Due parole, è ovvio, vanno dette sui risultati "d'arte" raggiunta dal nostro giovane artista - (Zara è proprio ai primi passi come attività in pratica, con rapporti concreti con il pubblico) - quei risultati che, in realtà, giustificano queste nostre parole.

Si può senz'altro affermare che Carlo Zara ha toccato "dentro", magari con una maschera spesso angelica - umoristica - momenti -accenti - di mostri veri e propri; vere maschere che con estrema chiarezza centrano la faccia del nemico.

Il mostro, cioè; spesso espresso con "campi" bianchi che suggeriscono per magia del timbro sarcastico, le note più intense del nero corrosivo, se non macabro.

I "fogli" di C.Z. ci ritornano sulla carta un bel coro di quegli eroi borghesi che hanno ridotto il nostro tempo alla - maschera veramente paurosa.

Tono Zancanaro (pittore) Galleria "Al Centesimo" Padova 1977

ROVIGO: ACCADEMIA DEI CONCORDI

Carlo Zara aggredisce la realtà con rabbia: il segno graffiante non lascia margine neppure all'ironia, allo sberleffo in cui si scaricano le tensioni, ma, asciutto e drammatico, instaura con il "fruitore" una specie di fitto dialogo che lascia sempre presagire, aldilà del già espresso e pronunciato, ulteriori e più gravi tragedie. Proprio in questo esplicito alludere al dopo, al domani in cui tutti diveniamo responsabili, la grafica di Zara si carica di forte capacità commotiva e mobilitante in merito al presente, qui e ora, per evitare il peggio, la distruzione dell'umano. Colpisce e radiografa, sulla scorta di una intima convinzione e di una curata analisi ideologica, tutti i "segni" del potere, investiti del loro specifico (il militare, il politico, il religioso, il borghese), ne squarcia ogni velo di illusione afferrando immagini che tutti, di quando in quando, abbiamo visto nella nostra mente durante sogni orribili o, più spesso, suggestionati dalla lettura del quotidiano, La denuncia di Zara è esplicita, diretta al ventre dello spettatore quanto si conviene in un momento di grave vuoto di consapevolezza politica e di vacanza di certezze sociali e morali.

Giorgio Segato (critico d'arte, scrittore) D'Ars Periodico d'arte contemporanea anno XIX, n. 87 1978

Carlo Zara ci riporta alla cruda realtà, con il suo erotismo fortemente segnato da concetti di classe, attraverso cui denuncia la concessione che del sesso ha la borghesia in generale, e la donna borghese in particolare, femmina questa pronta a mettersi in mostra ed a scambiare i suoi beni sessuali con beni sociali. Le donne di Zara non hanno una fisionomia definita, il volto non è mai completo così che non hanno una loro personalità, ed in esso solo la bocca è ben evidenziata, così come lo sono il sesso e le natiche.

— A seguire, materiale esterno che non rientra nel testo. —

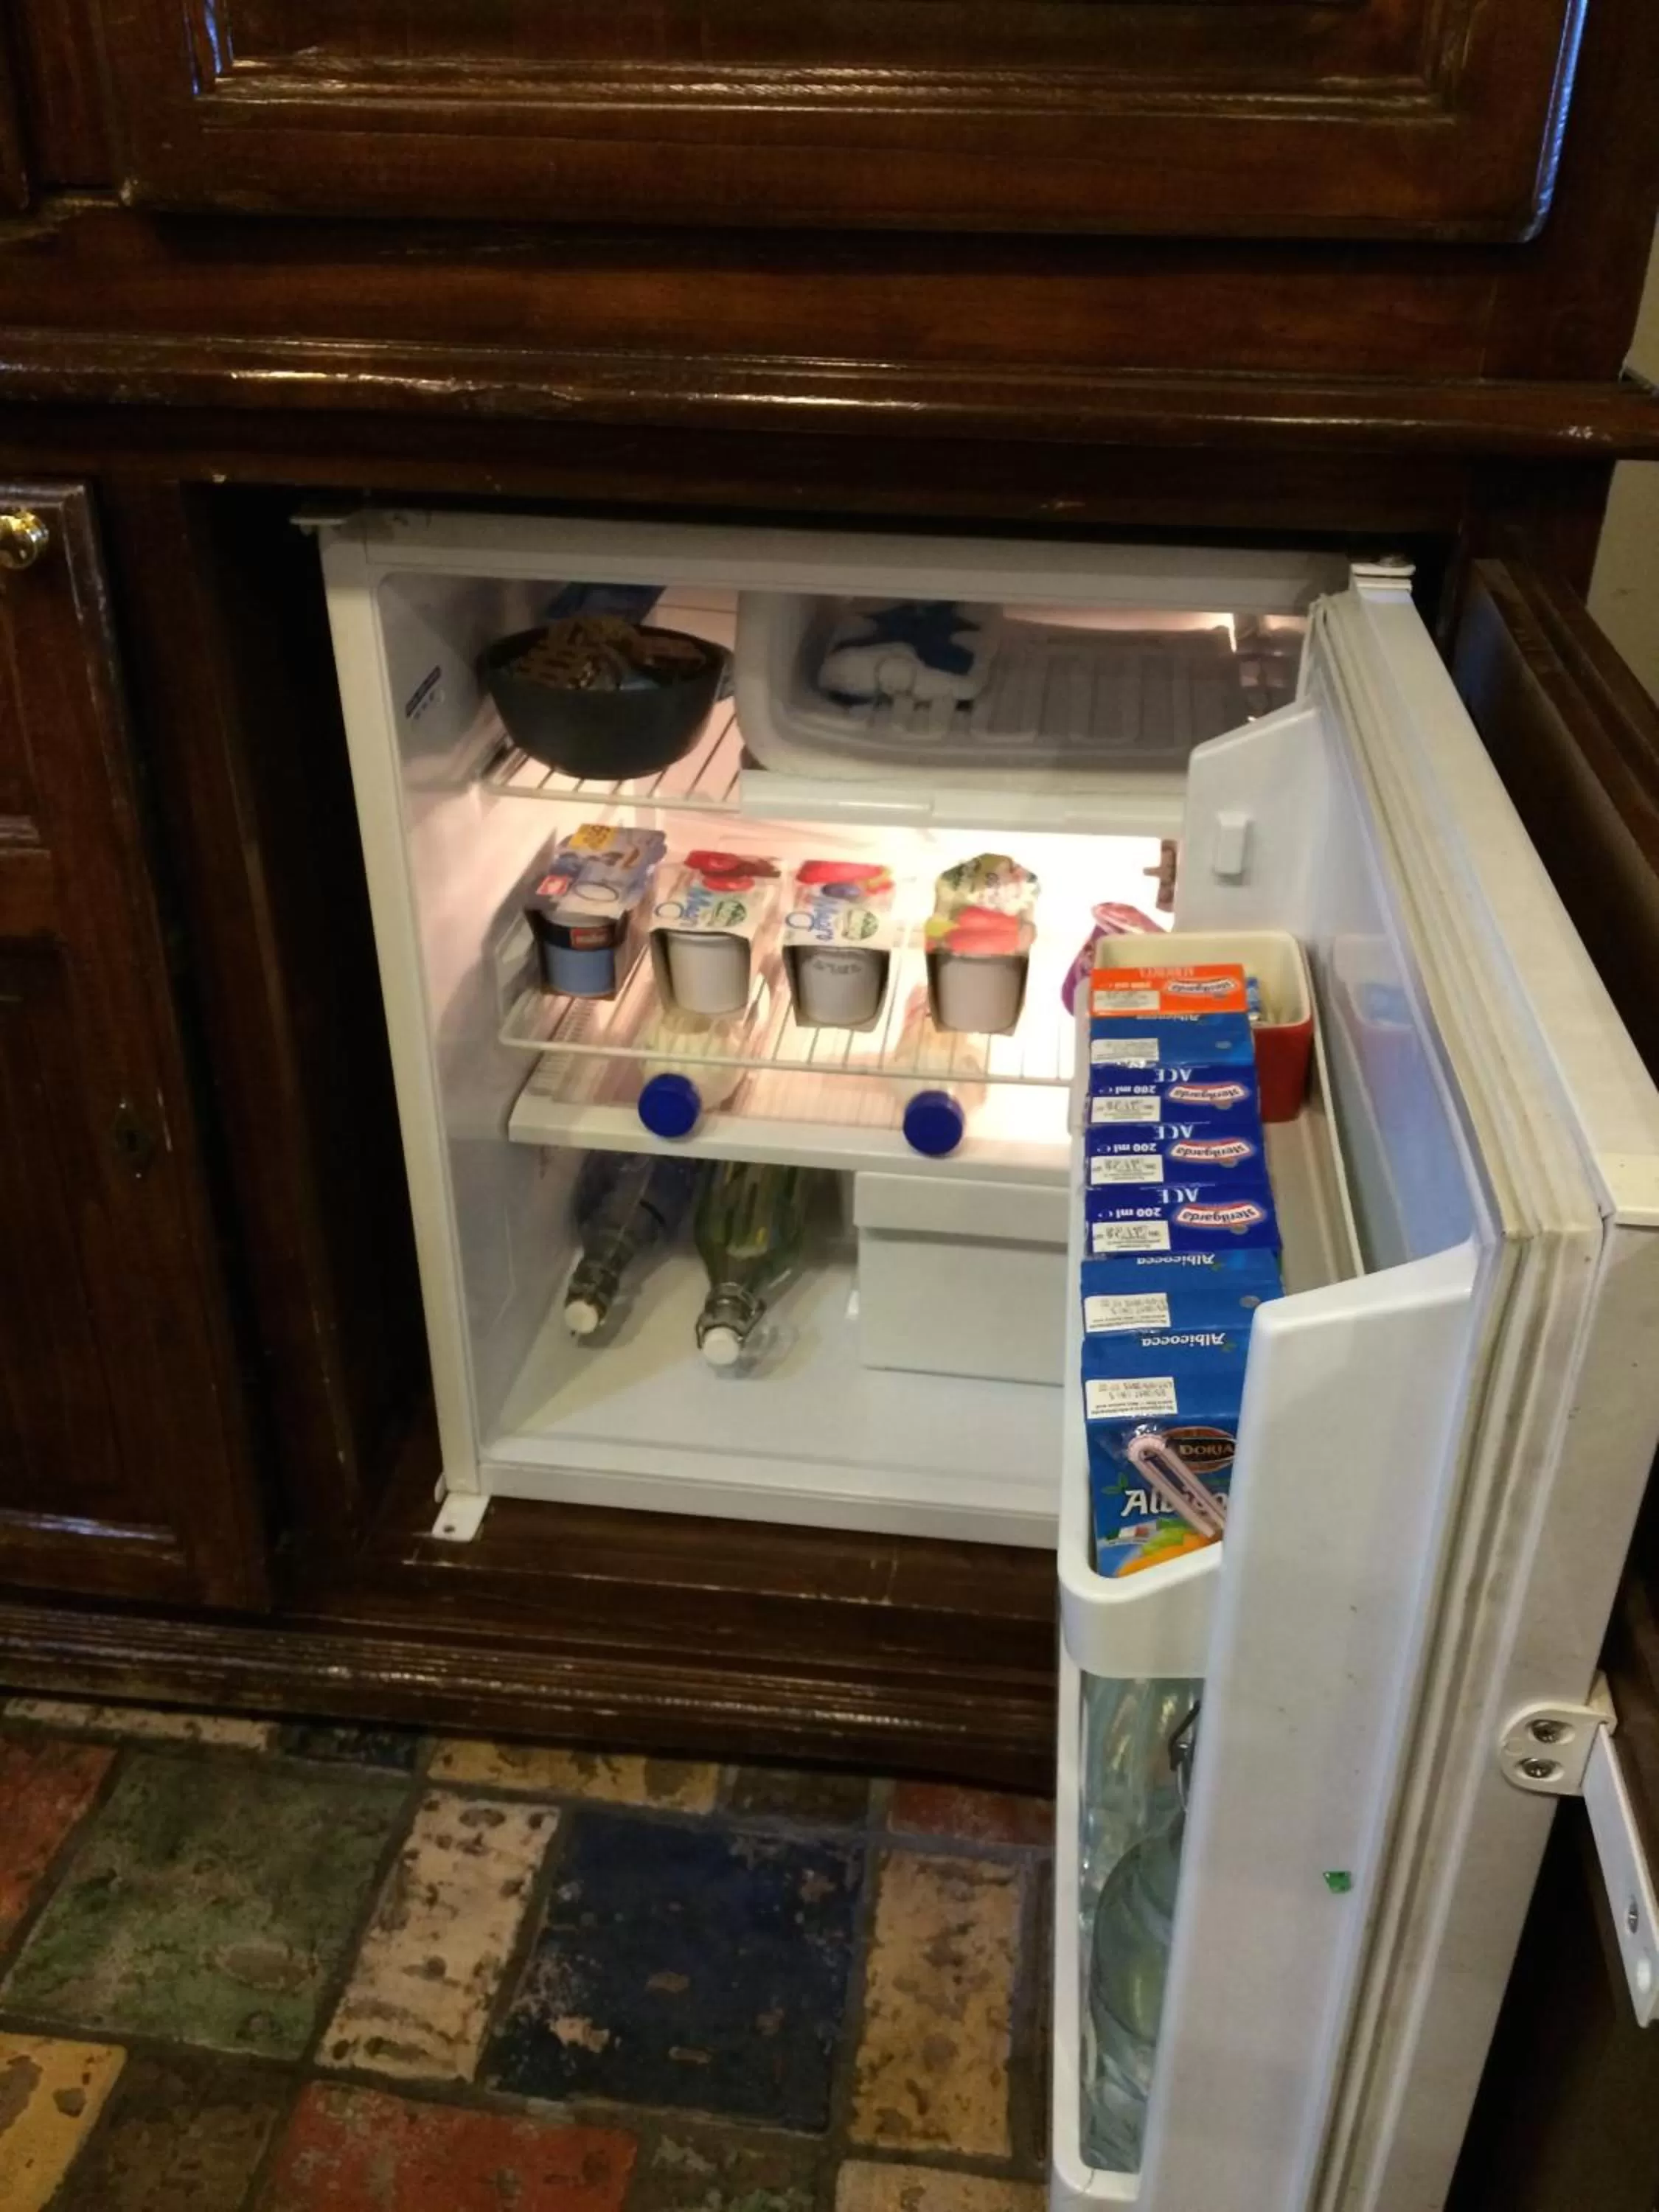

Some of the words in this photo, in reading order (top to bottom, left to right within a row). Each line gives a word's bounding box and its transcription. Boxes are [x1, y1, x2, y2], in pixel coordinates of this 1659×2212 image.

Mancano di una vera identità perché il loro vero essere è da Zara tutto affidato ai recessi sessualmente utilizzabili delle donne, cui fa assumere a volte pose innaturali ed acrobatiche per mettere in mostra la loro disponibilità. Zara è tutt'altro che ottimista, e ferma il suo erotismo attraverso una sua personale fotografica che, come nel caso del lavoro presente nella cartella, ferma le sue spudorate natiche in offerta della sua femmina come punto centrale del suo interesse; altre volte si è calato nei panni del pervertito, del voyeur, del sadomasochista, in raffigurazioni dove l'uomo è ridotto a cibo e/o macchina erotica.

Manlio Gaddi, (critico d'arte) Padova settembre 1984 Giorgio Baffo poesie (illustrazioni di Ulderico Manani, Pietro RIcca, Tono Zancanaro, Carlo Zara)

Viviamo, si dice quasi in coro, tempi senz’altro tristi per il mondo dell’arte. I giovani soprattutto, si ripete, sembrano finiti in un mare di grigiore ecc. ecc.

Ma grazie proprio ai giovani l’arte vive, direi, la sua propria eterna giovinezza.

E’ ancora “un caso”, diciamo, mi conferma in questa mia convinzione. Mi riferisco, per essere chiaro, all’opera attuale di Carlo Zara, collega e amico padovano, non più giovanissimo- se vogliamo- ma giovane senz’altro, artista che seguo con sempre maggiore interesse da qualche anno.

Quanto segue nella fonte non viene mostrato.